Some records shout. Some whisper. "Interstitial Spaces" barely breathes - and in doing so, says more than most albums with a full lung capacity and a marketing budget.
Martin Brandlmayr, known for his work with Radian and Polwechsel, has always been fascinated by structure, restraint, and the architecture of sound. But here he flips the usual logic inside out: instead of composing with events, he composes with their shadows. Not the notes, not the scenes, not the action - but what leaks out "between" them. The offcuts. The residue. The awkward pauses where nothing “important” is supposed to happen and therefore everything becomes audible.
This isn’t an album in the traditional sense; it’s a listening exercise disguised as a radio collage. Built from fragments of music recordings, films, TV adverts, and field recordings, "Interstitial Spaces" zooms in on those moments engineers usually erase: the tail of a reverb, the silence after applause, the hum of a room, a chair shifting its weight, a breath that wasn’t meant for the microphone. Brandlmayr treats these sonic crumbs with forensic tenderness, placing them under a microscope and letting them become protagonists.
Part 1 feels like wandering through an abandoned studio complex at night. You hear preparations without performances, endings without beginnings, presence without identity. Instruments tuning. Rooms settling. Machinery sleeping. It’s uncanny, but not in a horror sense - more like that slightly vertiginous feeling when you enter a theatre after the audience has left and the building itself seems to be listening to you.

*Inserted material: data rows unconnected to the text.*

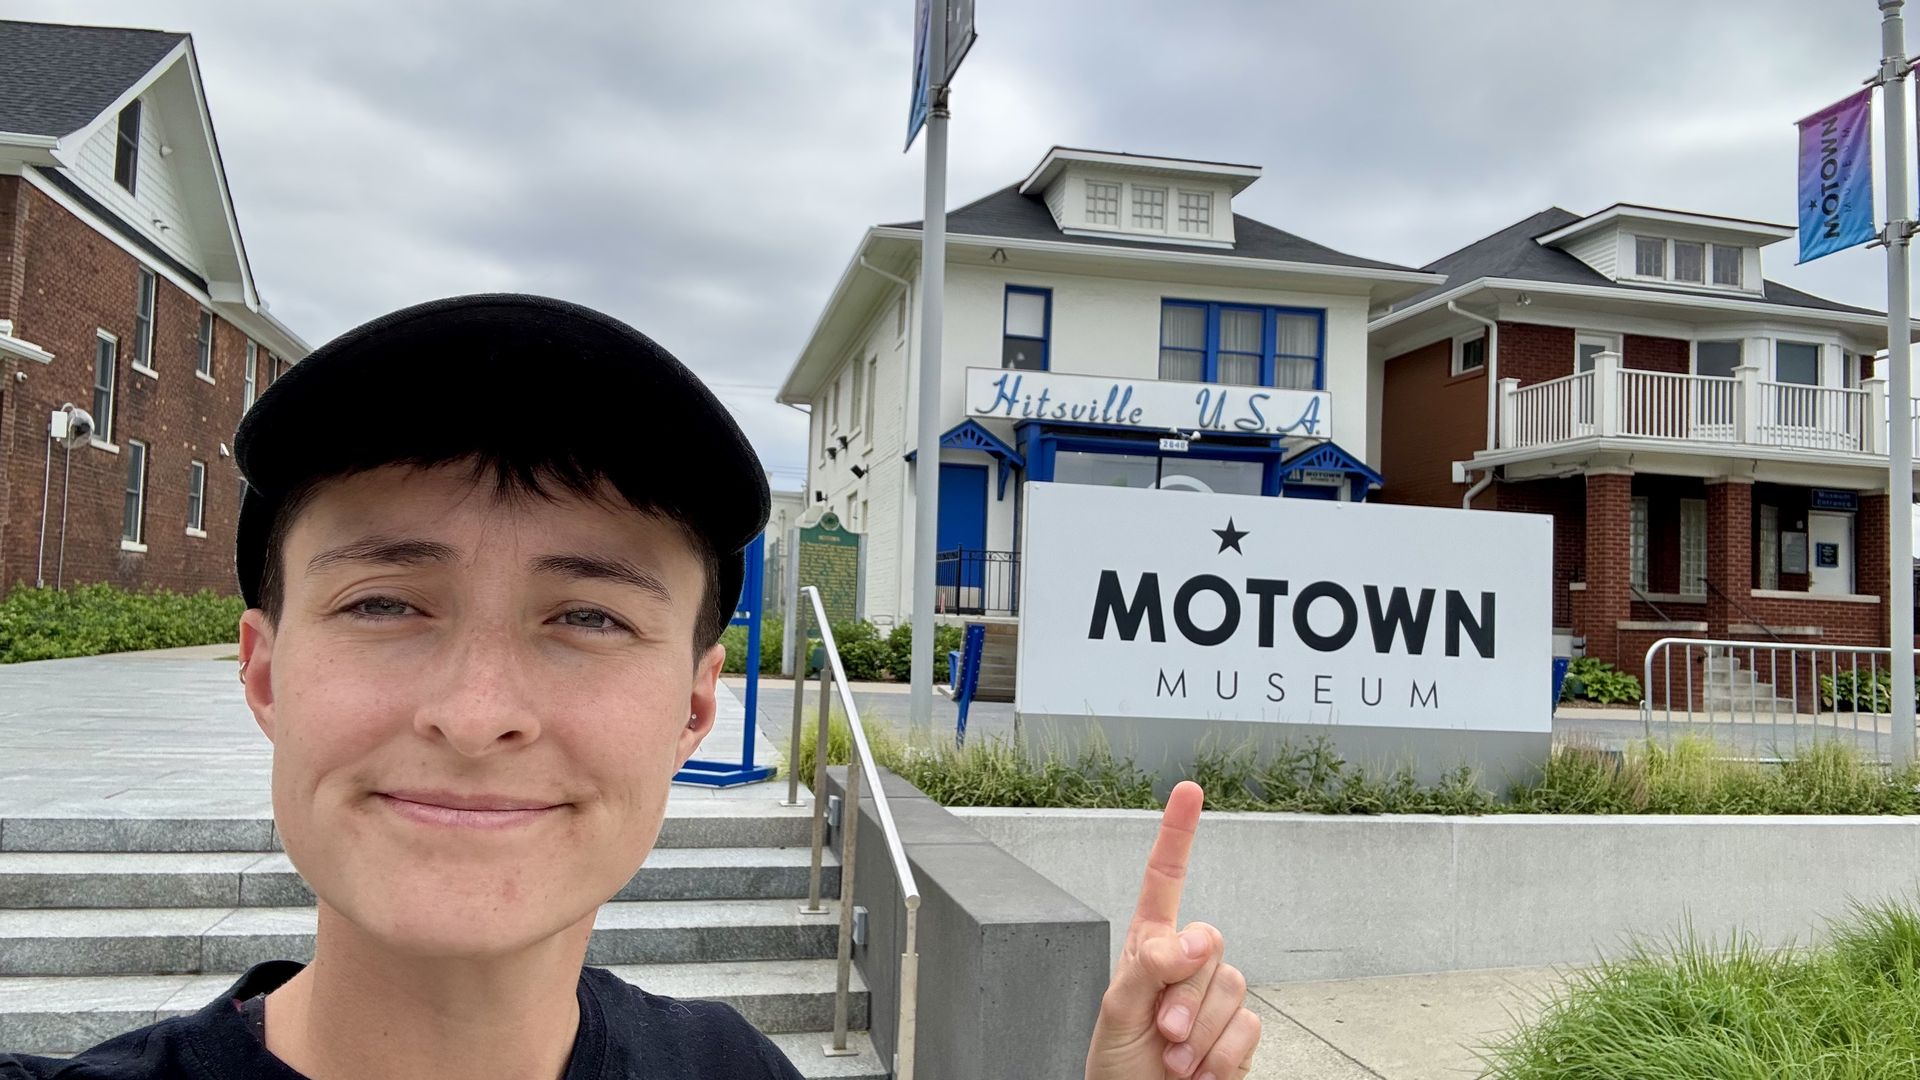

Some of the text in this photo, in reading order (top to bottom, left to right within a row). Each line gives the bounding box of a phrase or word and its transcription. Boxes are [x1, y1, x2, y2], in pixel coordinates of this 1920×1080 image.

[1820, 116, 1840, 240] MOTOWN
[975, 373, 1143, 424] Hitsville
[1087, 569, 1496, 659] MOTOWN
[1156, 668, 1440, 710] MUSEUM
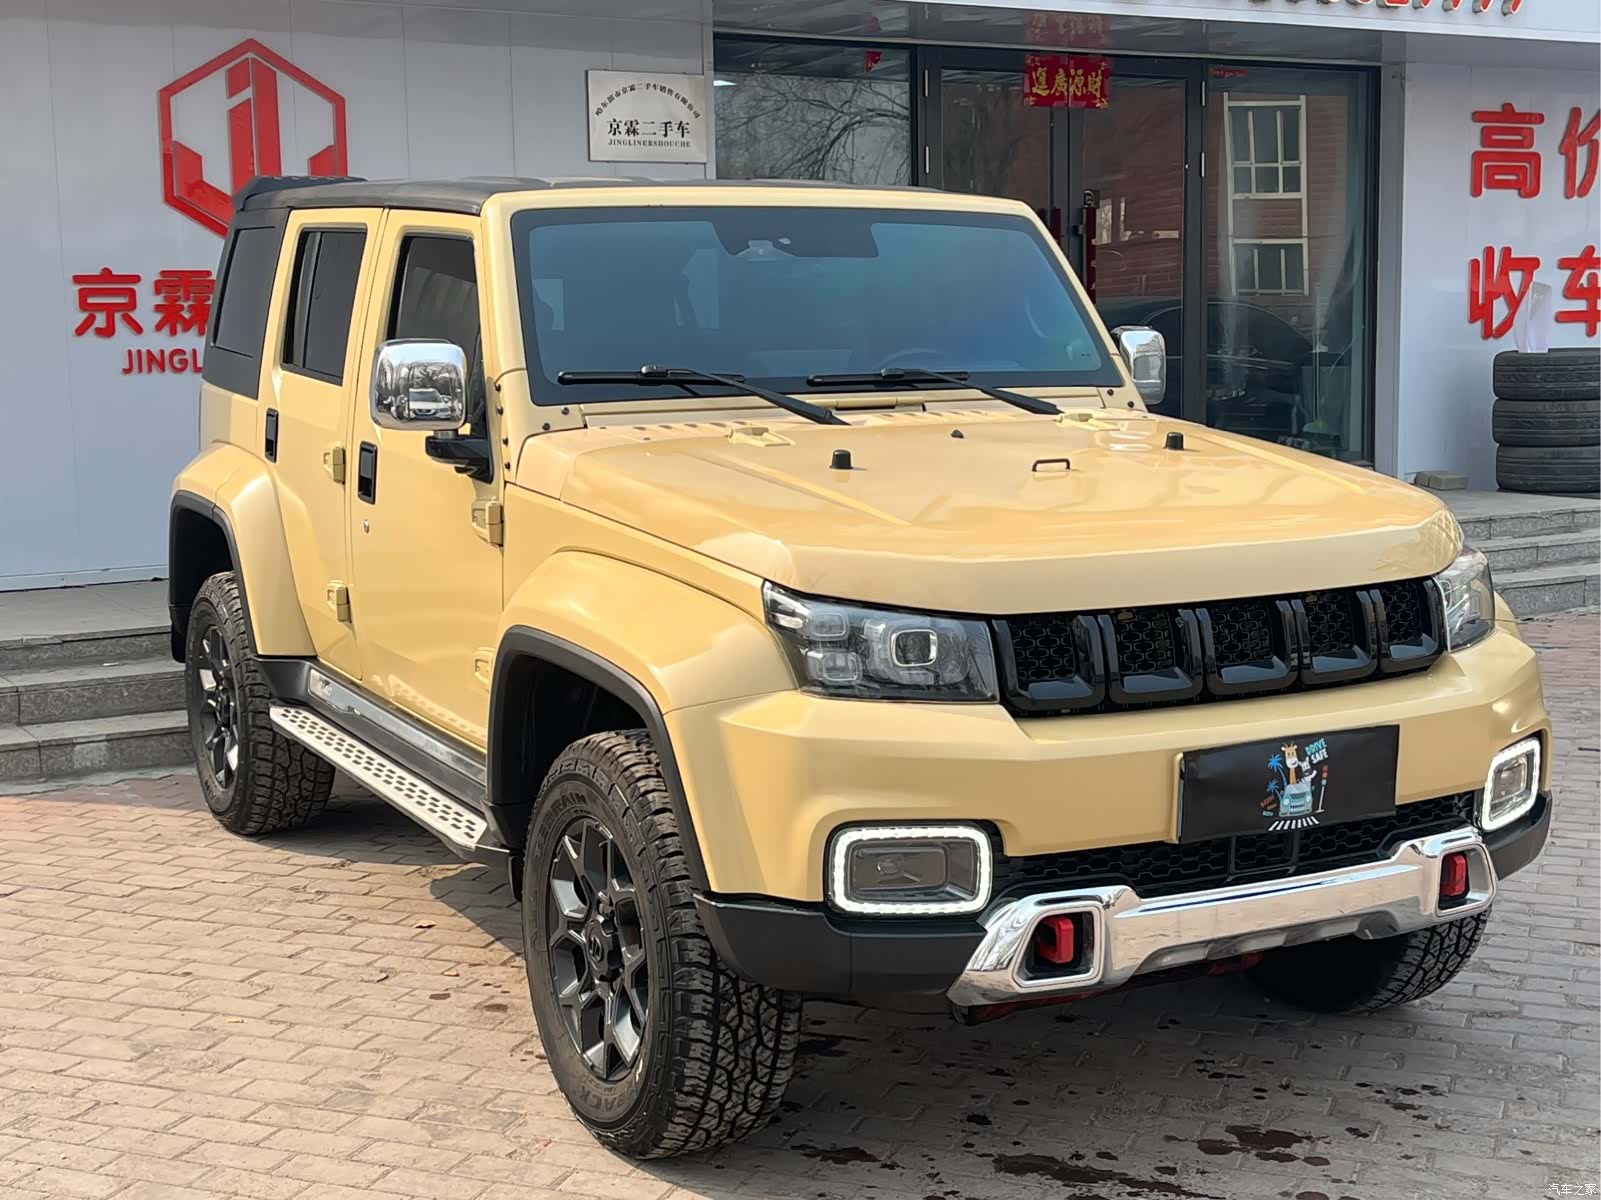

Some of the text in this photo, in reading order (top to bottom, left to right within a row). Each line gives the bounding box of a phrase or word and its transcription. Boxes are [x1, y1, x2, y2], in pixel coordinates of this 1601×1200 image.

Part 2 slowly thickens the texture. The fragments begin to cluster, forming a denser acoustic fog where individual sources dissolve into structure. Noise becomes rhythm, ambience becomes pattern. And then - cruelly, beautifully - it all releases back into emptiness again, as if nothing ever happened. A full narrative arc built entirely from things that aren’t supposed to matter.
There’s a quiet humor in this gesture. Brandlmayr essentially takes the most ignored material in audio culture and says: "This is the concert". The anti-spectacle becomes the spectacle. The eventful uneventfulness, to borrow the album’s own logic, turns into a strangely gripping form of drama. No solos, no climaxes, no hooks - just the fragile choreography of space itself.
What makes this work is Brandlmayr’s background: decades of working in reduced music, electroacoustic composition, and experimental ensembles have trained his ear to treat silence as material, not absence. He doesn’t aestheticize quiet; he organizes it. The result is not meditative wallpaper, nor academic exercise, but something more physical and slightly unsettling. You become hyper-aware of your own listening body: your breathing, your room, your chair, your presence in the soundfield.
"Interstitial Spaces" is a record that doesn’t want your attention - it wants your patience. It doesn’t seduce, it recalibrates. It’s not about beauty in the conventional sense, but about perception: teaching the ear to recognize that “nothing happening” is never actually nothing.
A bold, stubborn, quietly radical release. The kind of album that doesn’t change your playlist - but changes how you listen to the world after you turn it off.